(Collected data)
=-=-=

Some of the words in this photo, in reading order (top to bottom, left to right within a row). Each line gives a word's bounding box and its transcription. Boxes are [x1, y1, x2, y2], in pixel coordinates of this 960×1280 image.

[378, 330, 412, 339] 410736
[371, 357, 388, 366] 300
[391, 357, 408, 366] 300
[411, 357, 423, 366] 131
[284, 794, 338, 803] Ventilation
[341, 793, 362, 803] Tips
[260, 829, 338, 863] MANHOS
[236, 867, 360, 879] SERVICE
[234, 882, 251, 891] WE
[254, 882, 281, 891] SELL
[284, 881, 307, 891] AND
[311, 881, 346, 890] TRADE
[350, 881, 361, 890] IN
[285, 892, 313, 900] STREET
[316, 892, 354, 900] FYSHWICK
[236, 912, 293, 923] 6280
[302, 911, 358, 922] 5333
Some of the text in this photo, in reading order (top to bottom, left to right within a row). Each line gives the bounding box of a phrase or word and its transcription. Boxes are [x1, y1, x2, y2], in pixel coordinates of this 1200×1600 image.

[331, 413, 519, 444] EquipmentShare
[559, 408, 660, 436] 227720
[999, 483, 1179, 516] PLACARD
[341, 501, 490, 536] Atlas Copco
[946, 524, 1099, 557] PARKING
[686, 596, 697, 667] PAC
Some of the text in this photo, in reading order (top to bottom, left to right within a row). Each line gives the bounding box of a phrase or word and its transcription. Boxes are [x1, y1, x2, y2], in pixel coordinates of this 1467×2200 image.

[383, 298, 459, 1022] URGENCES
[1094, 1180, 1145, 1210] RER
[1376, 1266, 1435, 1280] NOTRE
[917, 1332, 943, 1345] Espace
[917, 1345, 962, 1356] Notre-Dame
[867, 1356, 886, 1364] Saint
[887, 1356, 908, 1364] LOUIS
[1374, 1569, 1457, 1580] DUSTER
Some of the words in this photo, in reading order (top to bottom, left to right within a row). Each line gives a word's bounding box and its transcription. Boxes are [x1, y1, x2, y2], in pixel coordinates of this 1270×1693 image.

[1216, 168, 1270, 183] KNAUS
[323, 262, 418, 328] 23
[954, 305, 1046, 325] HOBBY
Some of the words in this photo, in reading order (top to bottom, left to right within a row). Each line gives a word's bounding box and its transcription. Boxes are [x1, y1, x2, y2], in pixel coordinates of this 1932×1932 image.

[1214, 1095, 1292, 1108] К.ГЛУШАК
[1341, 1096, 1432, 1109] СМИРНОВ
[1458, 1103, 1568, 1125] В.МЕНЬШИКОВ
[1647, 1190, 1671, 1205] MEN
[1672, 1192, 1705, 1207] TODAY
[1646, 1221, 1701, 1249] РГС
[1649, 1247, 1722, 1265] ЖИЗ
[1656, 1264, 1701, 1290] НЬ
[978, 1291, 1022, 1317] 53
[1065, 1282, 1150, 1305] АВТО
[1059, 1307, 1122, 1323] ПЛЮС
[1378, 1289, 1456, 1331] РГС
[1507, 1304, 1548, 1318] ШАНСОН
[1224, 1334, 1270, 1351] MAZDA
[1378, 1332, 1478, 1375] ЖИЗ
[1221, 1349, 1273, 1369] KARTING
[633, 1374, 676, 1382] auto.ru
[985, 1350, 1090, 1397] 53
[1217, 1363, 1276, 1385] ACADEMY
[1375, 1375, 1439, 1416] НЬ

=-=-=

Work instructions
Return all of the above records exactly, leaving no line out.

Solution to the exercise
Some of the words in this photo, in reading order (top to bottom, left to right within a row). Each line gives a word's bounding box and its transcription. Boxes are [x1, y1, x2, y2], in pixel coordinates of this 960×1280 image.

[378, 330, 412, 339] 410736
[371, 357, 388, 366] 300
[391, 357, 408, 366] 300
[411, 357, 423, 366] 131
[284, 794, 338, 803] Ventilation
[341, 793, 362, 803] Tips
[260, 829, 338, 863] MANHOS
[236, 867, 360, 879] SERVICE
[234, 882, 251, 891] WE
[254, 882, 281, 891] SELL
[284, 881, 307, 891] AND
[311, 881, 346, 890] TRADE
[350, 881, 361, 890] IN
[285, 892, 313, 900] STREET
[316, 892, 354, 900] FYSHWICK
[236, 912, 293, 923] 6280
[302, 911, 358, 922] 5333
Some of the text in this photo, in reading order (top to bottom, left to right within a row). Each line gives the bounding box of a phrase or word and its transcription. Boxes are [x1, y1, x2, y2], in pixel coordinates of this 1200×1600 image.

[331, 413, 519, 444] EquipmentShare
[559, 408, 660, 436] 227720
[999, 483, 1179, 516] PLACARD
[341, 501, 490, 536] Atlas Copco
[946, 524, 1099, 557] PARKING
[686, 596, 697, 667] PAC
Some of the text in this photo, in reading order (top to bottom, left to right within a row). Each line gives the bounding box of a phrase or word and its transcription. Boxes are [x1, y1, x2, y2], in pixel coordinates of this 1467×2200 image.

[383, 298, 459, 1022] URGENCES
[1094, 1180, 1145, 1210] RER
[1376, 1266, 1435, 1280] NOTRE
[917, 1332, 943, 1345] Espace
[917, 1345, 962, 1356] Notre-Dame
[867, 1356, 886, 1364] Saint
[887, 1356, 908, 1364] LOUIS
[1374, 1569, 1457, 1580] DUSTER
Some of the words in this photo, in reading order (top to bottom, left to right within a row). Each line gives a word's bounding box and its transcription. Boxes are [x1, y1, x2, y2], in pixel coordinates of this 1270×1693 image.

[1216, 168, 1270, 183] KNAUS
[323, 262, 418, 328] 23
[954, 305, 1046, 325] HOBBY
Some of the words in this photo, in reading order (top to bottom, left to right within a row). Each line gives a word's bounding box and its transcription. Boxes are [x1, y1, x2, y2], in pixel coordinates of this 1932×1932 image.

[1214, 1095, 1292, 1108] К.ГЛУШАК
[1341, 1096, 1432, 1109] СМИРНОВ
[1458, 1103, 1568, 1125] В.МЕНЬШИКОВ
[1647, 1190, 1671, 1205] MEN
[1672, 1192, 1705, 1207] TODAY
[1646, 1221, 1701, 1249] РГС
[1649, 1247, 1722, 1265] ЖИЗ
[1656, 1264, 1701, 1290] НЬ
[978, 1291, 1022, 1317] 53
[1065, 1282, 1150, 1305] АВТО
[1059, 1307, 1122, 1323] ПЛЮС
[1378, 1289, 1456, 1331] РГС
[1507, 1304, 1548, 1318] ШАНСОН
[1224, 1334, 1270, 1351] MAZDA
[1378, 1332, 1478, 1375] ЖИЗ
[1221, 1349, 1273, 1369] KARTING
[633, 1374, 676, 1382] auto.ru
[985, 1350, 1090, 1397] 53
[1217, 1363, 1276, 1385] ACADEMY
[1375, 1375, 1439, 1416] НЬ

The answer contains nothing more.